In the space of a couple of days, the $240 million Ramelius has launched a hostile $54 million scrip bid for Explaurum (EXU) and has secured an agreement to acquire the Marda gold project from its owner’s liquidator for $13m.

It would be nice to think that Ramelius is leading the way in a consolidation of the junior gold space. But the pitch with both acquisitions – Explaurum is far from certain – is that they are all about providing truckable feed for its Edna May gold operation.

Explaurum and Marda come with resource bases of 675,000oz and 333,000oz respectively. Both have lesser reserves grading all of 2g/t gold yet the ores would have to be trucked 150km and 190km respectively.

So it seems a bit of a stretch to think the twin moves are all about feeding Edna May. Just as likely a motivation is that Ramelius is simply after another growth story, with Explaurum in particular  capable of achieving stand-alone status as well as delivering exploration upside in WA’s under-explored wheatbelt region.

Whatever the motivation, there are plenty of other juniors in a similar boat to Explaurum in that they currently have a sub-1Moz resource – or bigger in some cases - which could grow with more exploration to underpin standalone developments.

Or they could be snapped up by producers like Ramelius.
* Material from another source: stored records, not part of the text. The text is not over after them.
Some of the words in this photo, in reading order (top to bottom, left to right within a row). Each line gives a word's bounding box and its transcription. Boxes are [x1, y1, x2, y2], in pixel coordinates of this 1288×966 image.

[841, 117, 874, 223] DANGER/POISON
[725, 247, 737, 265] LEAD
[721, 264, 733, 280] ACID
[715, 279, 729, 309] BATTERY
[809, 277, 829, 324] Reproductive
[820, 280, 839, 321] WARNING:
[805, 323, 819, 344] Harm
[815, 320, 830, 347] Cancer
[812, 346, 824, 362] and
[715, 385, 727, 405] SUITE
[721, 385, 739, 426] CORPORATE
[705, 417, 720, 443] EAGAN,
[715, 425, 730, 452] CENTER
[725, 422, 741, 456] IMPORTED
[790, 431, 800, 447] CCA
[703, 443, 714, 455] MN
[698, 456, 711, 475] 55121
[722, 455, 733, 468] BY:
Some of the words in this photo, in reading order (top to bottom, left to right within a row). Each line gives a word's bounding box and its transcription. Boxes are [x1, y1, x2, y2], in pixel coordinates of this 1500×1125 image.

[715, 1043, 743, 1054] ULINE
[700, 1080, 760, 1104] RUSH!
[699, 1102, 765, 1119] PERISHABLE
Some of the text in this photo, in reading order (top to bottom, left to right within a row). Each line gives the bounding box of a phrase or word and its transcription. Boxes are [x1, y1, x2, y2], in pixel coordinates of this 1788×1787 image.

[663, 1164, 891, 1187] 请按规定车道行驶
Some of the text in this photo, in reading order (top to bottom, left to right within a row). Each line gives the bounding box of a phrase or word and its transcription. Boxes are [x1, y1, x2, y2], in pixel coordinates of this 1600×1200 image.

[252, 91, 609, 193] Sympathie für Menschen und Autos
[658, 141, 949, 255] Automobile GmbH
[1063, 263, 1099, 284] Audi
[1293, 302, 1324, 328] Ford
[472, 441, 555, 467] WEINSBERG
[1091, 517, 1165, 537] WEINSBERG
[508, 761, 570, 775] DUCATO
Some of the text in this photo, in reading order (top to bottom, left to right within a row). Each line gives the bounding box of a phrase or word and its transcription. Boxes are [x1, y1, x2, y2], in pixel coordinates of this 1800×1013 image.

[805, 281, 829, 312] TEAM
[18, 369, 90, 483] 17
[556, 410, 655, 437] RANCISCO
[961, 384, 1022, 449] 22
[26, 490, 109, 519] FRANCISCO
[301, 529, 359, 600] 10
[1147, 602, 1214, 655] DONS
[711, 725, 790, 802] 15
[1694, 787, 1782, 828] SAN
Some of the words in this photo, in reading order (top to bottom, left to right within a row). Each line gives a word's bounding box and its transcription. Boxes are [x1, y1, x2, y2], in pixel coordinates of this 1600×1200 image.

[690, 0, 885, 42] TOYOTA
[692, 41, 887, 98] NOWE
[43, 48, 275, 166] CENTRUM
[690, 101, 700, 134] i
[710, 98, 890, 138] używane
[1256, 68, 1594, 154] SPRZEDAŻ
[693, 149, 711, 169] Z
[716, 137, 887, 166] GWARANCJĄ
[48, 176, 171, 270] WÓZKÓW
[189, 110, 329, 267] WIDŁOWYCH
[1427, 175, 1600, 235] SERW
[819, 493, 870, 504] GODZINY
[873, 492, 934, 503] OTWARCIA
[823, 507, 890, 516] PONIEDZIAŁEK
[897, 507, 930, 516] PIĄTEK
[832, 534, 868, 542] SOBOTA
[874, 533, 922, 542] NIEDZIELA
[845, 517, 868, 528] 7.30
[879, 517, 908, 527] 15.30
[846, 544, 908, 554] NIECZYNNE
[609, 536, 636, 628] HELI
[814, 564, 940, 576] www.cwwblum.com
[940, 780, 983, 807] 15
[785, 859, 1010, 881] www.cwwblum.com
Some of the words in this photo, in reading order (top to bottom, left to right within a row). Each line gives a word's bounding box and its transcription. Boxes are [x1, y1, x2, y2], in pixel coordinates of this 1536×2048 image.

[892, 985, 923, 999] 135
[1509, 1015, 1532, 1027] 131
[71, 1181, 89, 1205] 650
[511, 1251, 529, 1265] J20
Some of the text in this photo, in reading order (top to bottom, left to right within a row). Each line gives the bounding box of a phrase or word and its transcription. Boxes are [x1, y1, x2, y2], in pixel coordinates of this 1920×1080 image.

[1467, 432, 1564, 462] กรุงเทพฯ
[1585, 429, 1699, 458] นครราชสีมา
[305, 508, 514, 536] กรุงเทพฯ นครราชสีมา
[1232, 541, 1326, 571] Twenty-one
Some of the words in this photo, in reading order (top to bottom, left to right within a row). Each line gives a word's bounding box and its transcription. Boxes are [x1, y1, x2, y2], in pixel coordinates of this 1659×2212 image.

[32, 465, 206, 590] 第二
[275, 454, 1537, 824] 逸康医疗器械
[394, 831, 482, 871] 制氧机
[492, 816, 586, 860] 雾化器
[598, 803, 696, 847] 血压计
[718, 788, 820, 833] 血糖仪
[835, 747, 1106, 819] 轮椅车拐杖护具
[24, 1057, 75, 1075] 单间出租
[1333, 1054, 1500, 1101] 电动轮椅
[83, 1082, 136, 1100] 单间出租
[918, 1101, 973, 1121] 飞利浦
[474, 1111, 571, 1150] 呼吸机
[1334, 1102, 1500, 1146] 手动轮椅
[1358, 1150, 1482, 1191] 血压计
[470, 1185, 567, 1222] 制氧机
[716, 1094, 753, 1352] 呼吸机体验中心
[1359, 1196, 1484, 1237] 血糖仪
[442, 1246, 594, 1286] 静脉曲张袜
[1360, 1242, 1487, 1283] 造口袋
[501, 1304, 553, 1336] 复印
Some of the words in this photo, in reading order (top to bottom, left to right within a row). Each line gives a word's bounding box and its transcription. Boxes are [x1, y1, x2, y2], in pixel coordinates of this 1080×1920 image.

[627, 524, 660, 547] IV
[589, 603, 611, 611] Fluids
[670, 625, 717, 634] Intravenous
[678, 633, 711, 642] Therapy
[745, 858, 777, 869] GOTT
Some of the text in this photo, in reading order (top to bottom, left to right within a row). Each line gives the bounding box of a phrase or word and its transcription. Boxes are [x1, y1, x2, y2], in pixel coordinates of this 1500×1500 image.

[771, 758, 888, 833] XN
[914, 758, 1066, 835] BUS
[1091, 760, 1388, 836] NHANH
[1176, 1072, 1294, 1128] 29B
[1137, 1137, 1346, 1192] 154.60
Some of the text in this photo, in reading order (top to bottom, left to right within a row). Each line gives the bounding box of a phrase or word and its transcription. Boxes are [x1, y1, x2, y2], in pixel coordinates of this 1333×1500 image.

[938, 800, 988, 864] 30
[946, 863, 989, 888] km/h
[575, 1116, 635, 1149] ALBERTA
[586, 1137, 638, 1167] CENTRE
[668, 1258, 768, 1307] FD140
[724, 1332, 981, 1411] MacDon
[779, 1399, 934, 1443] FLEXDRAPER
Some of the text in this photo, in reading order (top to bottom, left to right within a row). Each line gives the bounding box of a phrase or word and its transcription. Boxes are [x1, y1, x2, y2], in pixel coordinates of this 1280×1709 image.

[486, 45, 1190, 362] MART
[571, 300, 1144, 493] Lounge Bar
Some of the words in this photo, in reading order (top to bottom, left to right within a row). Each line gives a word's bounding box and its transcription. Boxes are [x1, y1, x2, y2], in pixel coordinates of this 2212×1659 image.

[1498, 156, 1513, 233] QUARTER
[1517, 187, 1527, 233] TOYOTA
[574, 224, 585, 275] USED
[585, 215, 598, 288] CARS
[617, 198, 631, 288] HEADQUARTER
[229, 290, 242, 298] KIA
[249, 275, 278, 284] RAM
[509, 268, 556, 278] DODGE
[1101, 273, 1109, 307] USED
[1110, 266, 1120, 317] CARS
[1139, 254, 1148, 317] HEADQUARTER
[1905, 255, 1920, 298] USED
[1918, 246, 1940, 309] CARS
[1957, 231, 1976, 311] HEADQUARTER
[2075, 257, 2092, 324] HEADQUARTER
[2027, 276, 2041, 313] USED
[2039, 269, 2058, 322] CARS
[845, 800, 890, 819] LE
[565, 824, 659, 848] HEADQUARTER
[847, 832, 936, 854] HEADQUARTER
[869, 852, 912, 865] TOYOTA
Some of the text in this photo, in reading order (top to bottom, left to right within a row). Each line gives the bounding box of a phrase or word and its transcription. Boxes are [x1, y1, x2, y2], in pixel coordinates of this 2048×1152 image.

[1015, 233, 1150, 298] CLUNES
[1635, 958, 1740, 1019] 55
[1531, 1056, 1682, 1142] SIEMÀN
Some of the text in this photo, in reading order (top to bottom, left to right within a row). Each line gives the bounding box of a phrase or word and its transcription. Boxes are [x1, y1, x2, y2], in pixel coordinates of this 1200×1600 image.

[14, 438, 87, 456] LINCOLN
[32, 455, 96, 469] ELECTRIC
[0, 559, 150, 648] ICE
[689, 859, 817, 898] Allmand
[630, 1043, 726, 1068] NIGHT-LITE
The producers continue to enjoy fat margins on their gold production which delivers them loads of cash and share prices that give them  firepower in either cash or scrip bids for the stranded juniors with their undervalued ounces.

Never buy a stock in anticipation of a takeover bid. But remembering the spurned Ramelius bid for Explaurum was at a 66% premium to the bid price, it cannot hurt to wonder who might be next if the buy-cheap-ounces-with-exploration-upside thematic takes hold.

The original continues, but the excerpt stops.